El arroz se consolida como un componente vital de la gastronomía internacional. Es el eje de platos emblemáticos como la paella valenciana en España, pero también brilla en la cocina italiana con el risotto de setas o las croquetas arancini, y es el fundamento de múltiples piezas de sushi en la tradición de Japón. Sin embargo, más allá de su presencia global, cada una de estas preparaciones demanda un tipo de arroz específico para alcanzar la textura y el gusto pretendidos.
Esta premisa es defendida por figuras como Jordi Cruz, poseedor de cuatro estrellas Michelin en sus establecimientos de alta cocina. El cocinero y jurado de MasterChef aprovecha frecuentemente sus canales digitales para difundir recomendaciones culinarias. En una de sus publicaciones recientes, el experto presentó un decálogo para comprender cómo aprovechar las virtudes de cada grano, advirtiendo que
“En la variedad está el gusto y también el éxito de tu receta”
.
Categorías y aplicaciones del grano
Para el chef catalán, la elección correcta depende del uso final, por lo que clasifica las variedades en cuatro grupos fundamentales: para guarniciones o salteados, para paellas, para texturas cremosas y para sushi. El cocinero inicia su explicación planteando una reflexión necesaria:
“¿Sabes cuál es el mejor tipo o variedad de arroz que necesitas para cada plato que cocinas? Para elegir la variedad, primero hay que pensar, ‘¿qué vamos a hacer?’ Guarniciones, salteados, paellas, arroces, risottos cremosos o tipo sushi»
Cuando se trata de elaborar guarniciones y salteados, la sugerencia de Jordi Cruz es optar por variedades de “poco almidón”, principalmente las pertenecientes al grupo de las índicas.
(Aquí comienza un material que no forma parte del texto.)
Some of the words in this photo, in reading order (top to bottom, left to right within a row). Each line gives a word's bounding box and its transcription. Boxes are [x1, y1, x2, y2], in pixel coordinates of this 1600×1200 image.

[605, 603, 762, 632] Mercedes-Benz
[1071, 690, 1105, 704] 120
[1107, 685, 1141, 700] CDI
Entre las alternativas recomendadas figuran el arroz basmati y el arroz largo, aunque también considera útiles opciones frecuentes en el comercio como el Bahía o el Sénia, catalogados usualmente como arroz común. El objetivo es conseguir un grano suelto y bien separado.
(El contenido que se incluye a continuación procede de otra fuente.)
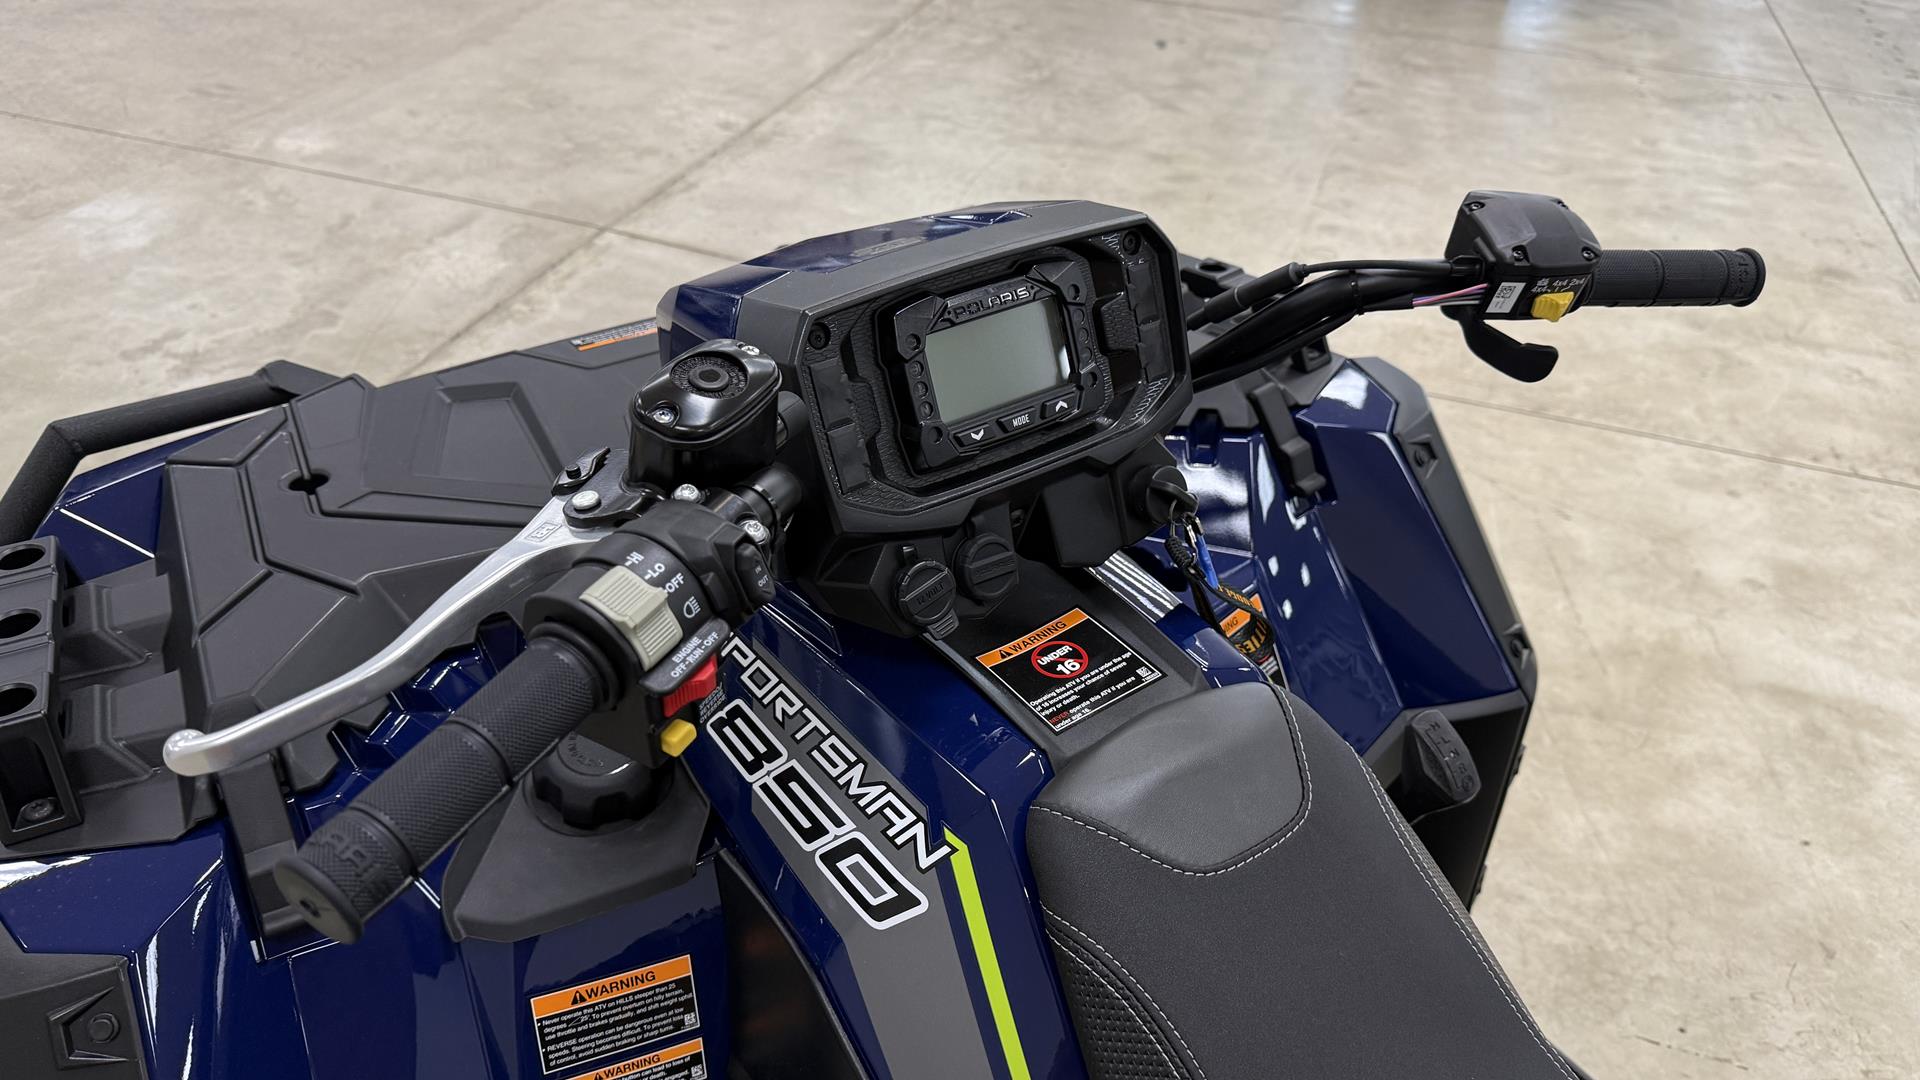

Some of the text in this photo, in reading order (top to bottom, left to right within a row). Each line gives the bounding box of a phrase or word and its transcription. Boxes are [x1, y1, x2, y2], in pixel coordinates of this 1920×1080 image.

Por otra parte, el arroz perfecto para una paella debe poseer una “buena absorción”. Según Cruz, esta característica la cumplen variedades como el arroz bomba o el de la albufera, producido en las cercanías de Valencia. Estos granos son capaces de impregnarse de todo el sabor del fondo o caldo empleado, lo cual es un requisito indispensable en las recetas tradicionales valencianas.
Para recetas que buscan una terminación untuosa, como el risotto italiano, la recomendación se decanta por variedades como carnaroli, arborio o vialone nano. Sobre esta última, el chef destaca que es
“pequeña, pero muy buena”
. Estas clases de arroz mantienen una capa externa cremosa tras la cocción, conservando un núcleo firme, lo que les permite resistir la cocción lenta sin deshacerse.
Finalmente, para la preparación de sushi, es imperativo utilizar arroces de consistencia glutinosa. Jordi Cruz cita variedades japonesas como la koshihikari o la versión producida en España denominada minori. Son granos con un perfil de sabor ligeramente más dulce y una capacidad de adherencia superior, cualidades críticas para las exigencias técnicas de la cocina nipona.